Work order tracking: overlooked no more

Work order tracking is often overlooked in manufacturing.

If you have a solid system in place, you can quickly take it for granted. If you don’t have a robust system, then tracking work orders can be an all-consuming, waste-creating administrative monster. It is sort of like oxygen – you don’t really notice it unless you don’t have any!

In this post, we want to take a detailed look at work order tracking in manufacturing. Specifically, we want to show you how digital work order tracking can streamline operations and reduce administrative burden. So we’ll look at:

  • What work order tracking is
  • Why work order tracking is important
  • How digital work order tracking can keep your operations on track

To get started, let’s get situated with a definition. Then we’ll look at what it’s like to operate in a factory where work order tracking is an issue.

What is Work Order Tracking?

Work order tracking is a method for following production progress against a specific demand for work. It’s a means of ensuring that:

  • Each job is produced on time
  • Bottlenecks are caught and solved early
  • That each department in a plant fits together into an organized whole
  • For creating visibility into Work-in-Progress (WiP).

Typically, work order tracking is a highly manual process. Work orders are represented on long paper lists. There’s no way to dynamically update lists to match the realities of production. Work order tracking can even be a form of light exercise, as production planners shuffle around the shop floor trying to find the status of a given job.

Visual depiction of why work order tracking is important

The need for work-order tracking is best shown by example. So now let’s look at a real-world work order tracking challenge. It’s one I experienced frequently, and it might sound familiar to you.

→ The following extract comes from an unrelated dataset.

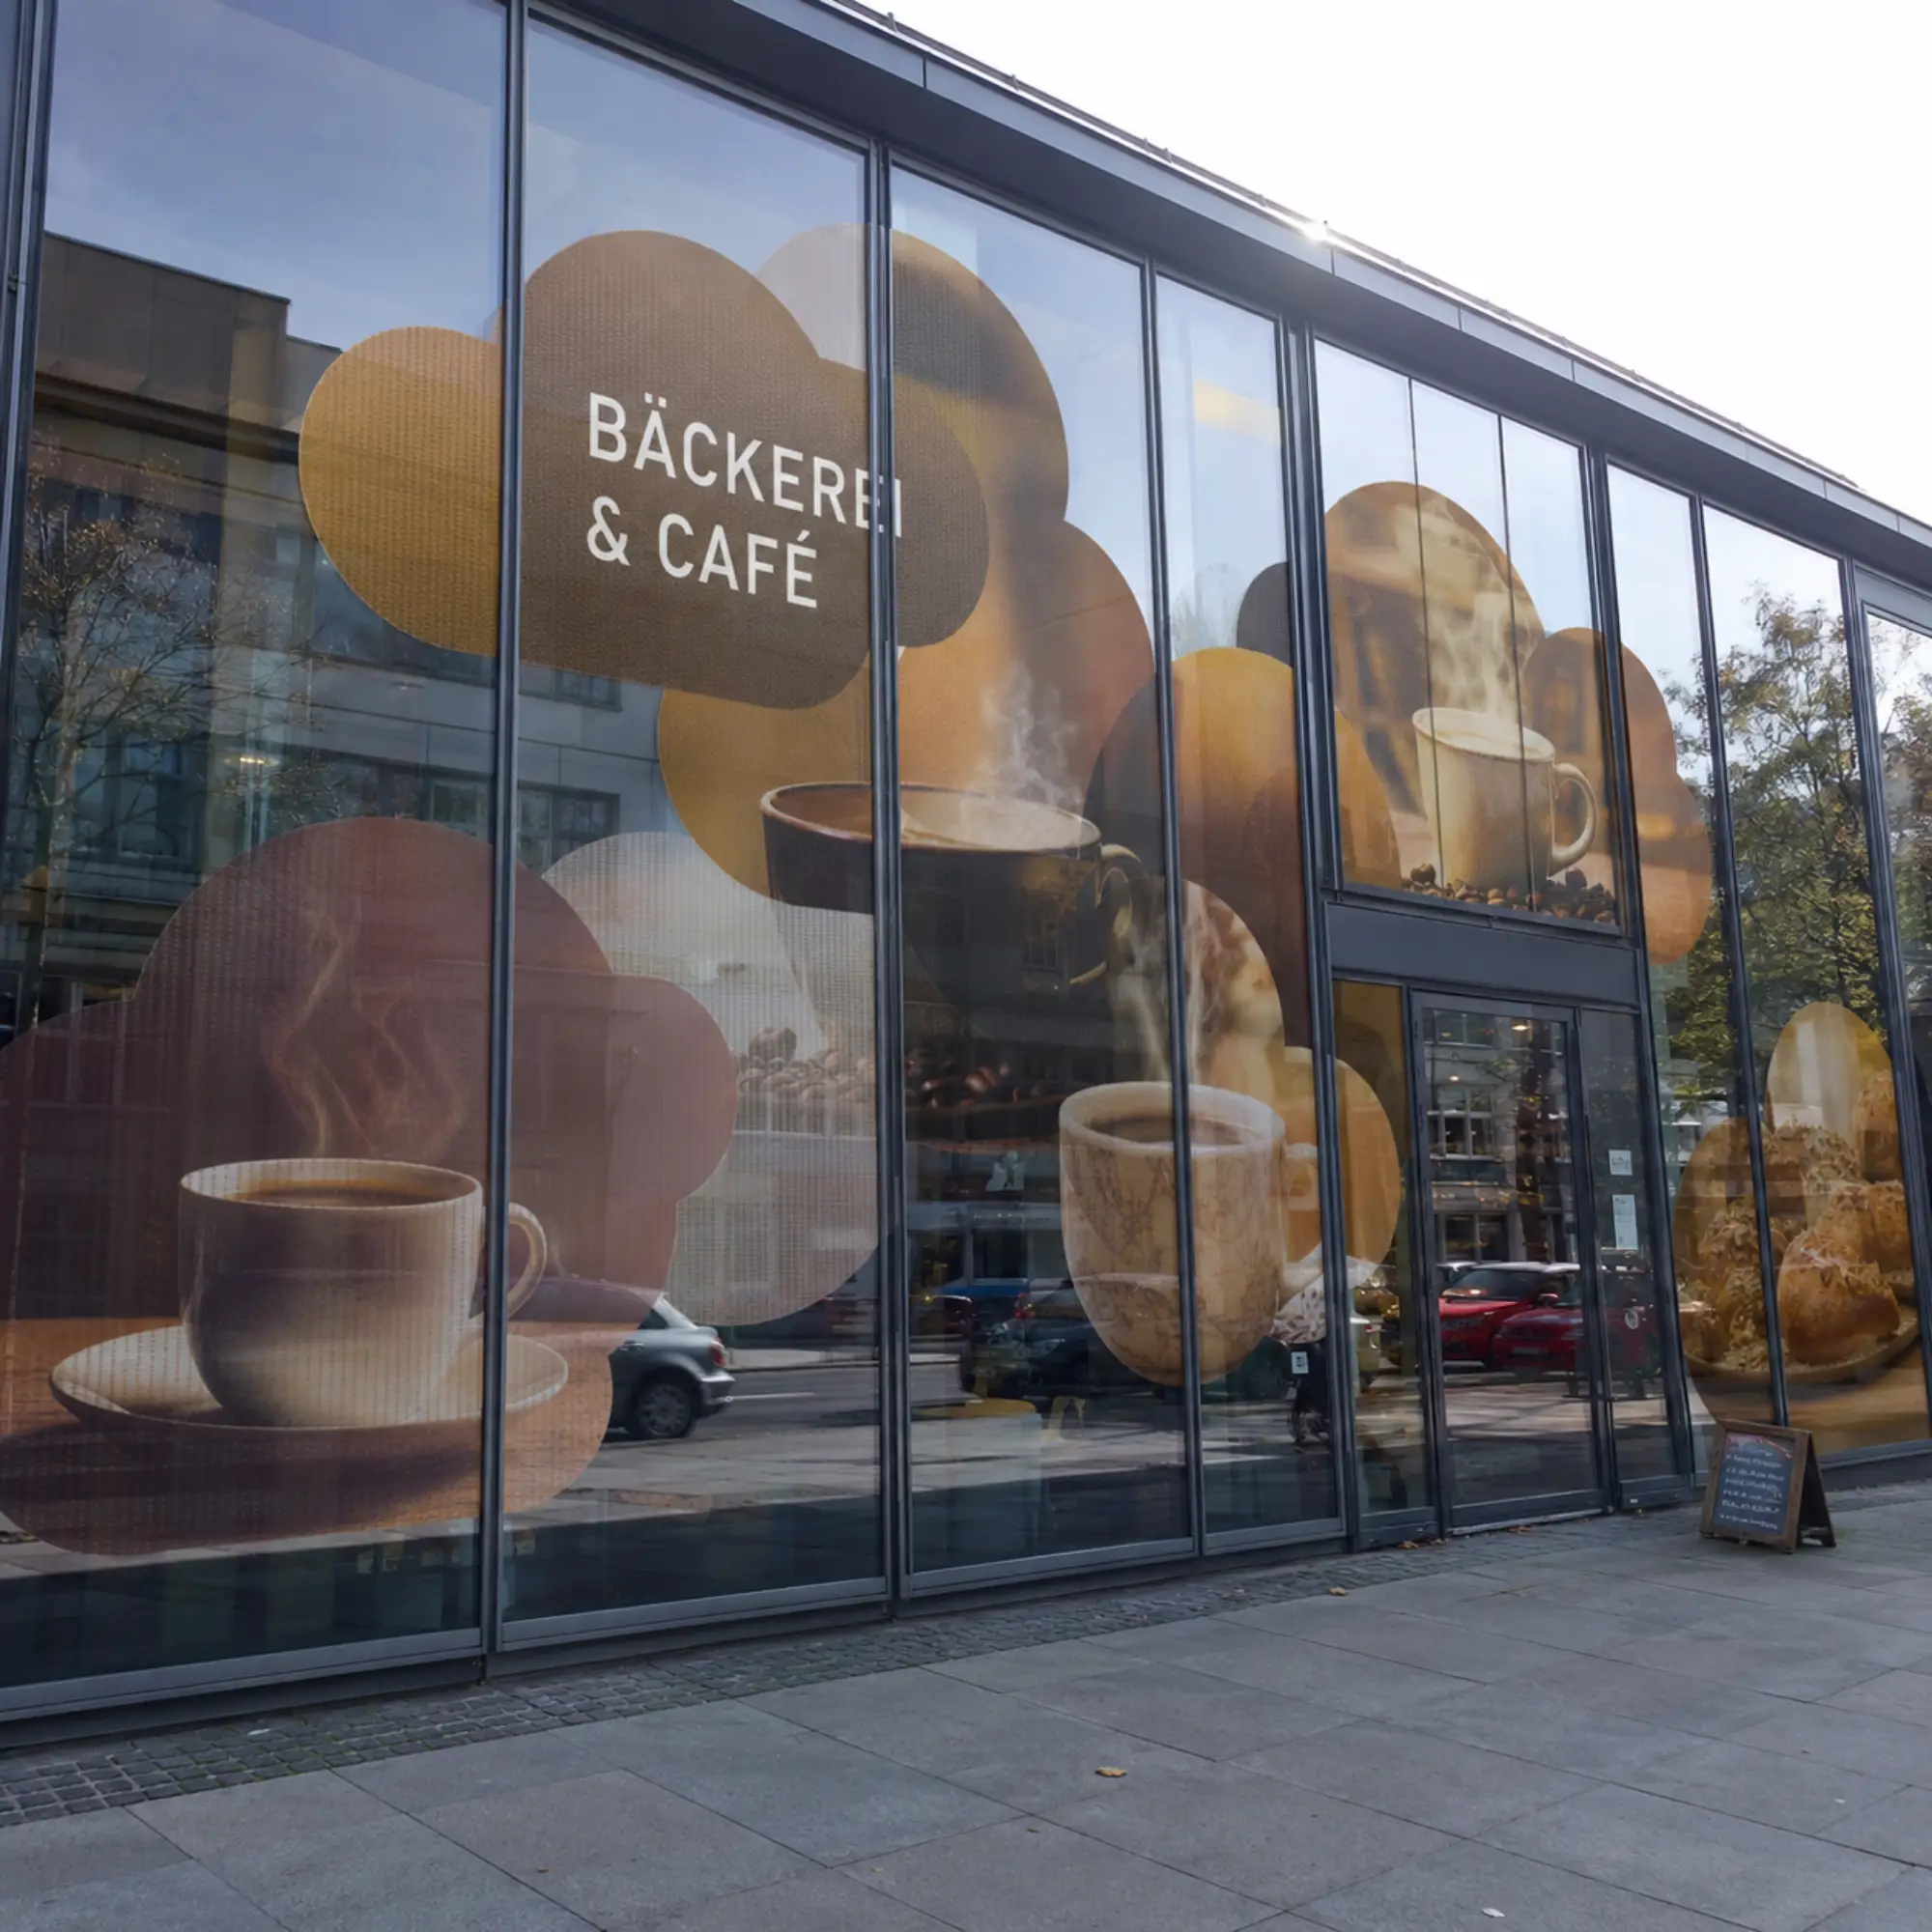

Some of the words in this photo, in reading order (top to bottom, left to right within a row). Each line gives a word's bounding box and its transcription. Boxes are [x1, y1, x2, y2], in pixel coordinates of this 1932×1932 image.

Where work order tracking gets complicated: A machine shop example

For the purposes of this work order tracking thought experiment, let’s take a look at a typical machine shop.

In this machine shop, there are a number of machining centers split into cells of various capabilities. At some point in the past the machine locations, functions, and groupings were determined by those intending to produce to current and future demands. Over time, of course, these demands and requirements change. And purchasing or moving machines around is not something that happens so quickly.

This machine shop feeds into its “customer.” For this example, let’s assume it feeds an assembly area that consumes these parts and places orders against the machine shop.

Illustration of work order tracking in a manufacturing facility
Work order tracking can be complicated without the right tools

In order to reduce setup costs, requests are processed in batches (as determined by a setup wheel or ABC analysis) and their processing requirements may differ. Parts may need to move from machine to machine before they are completed.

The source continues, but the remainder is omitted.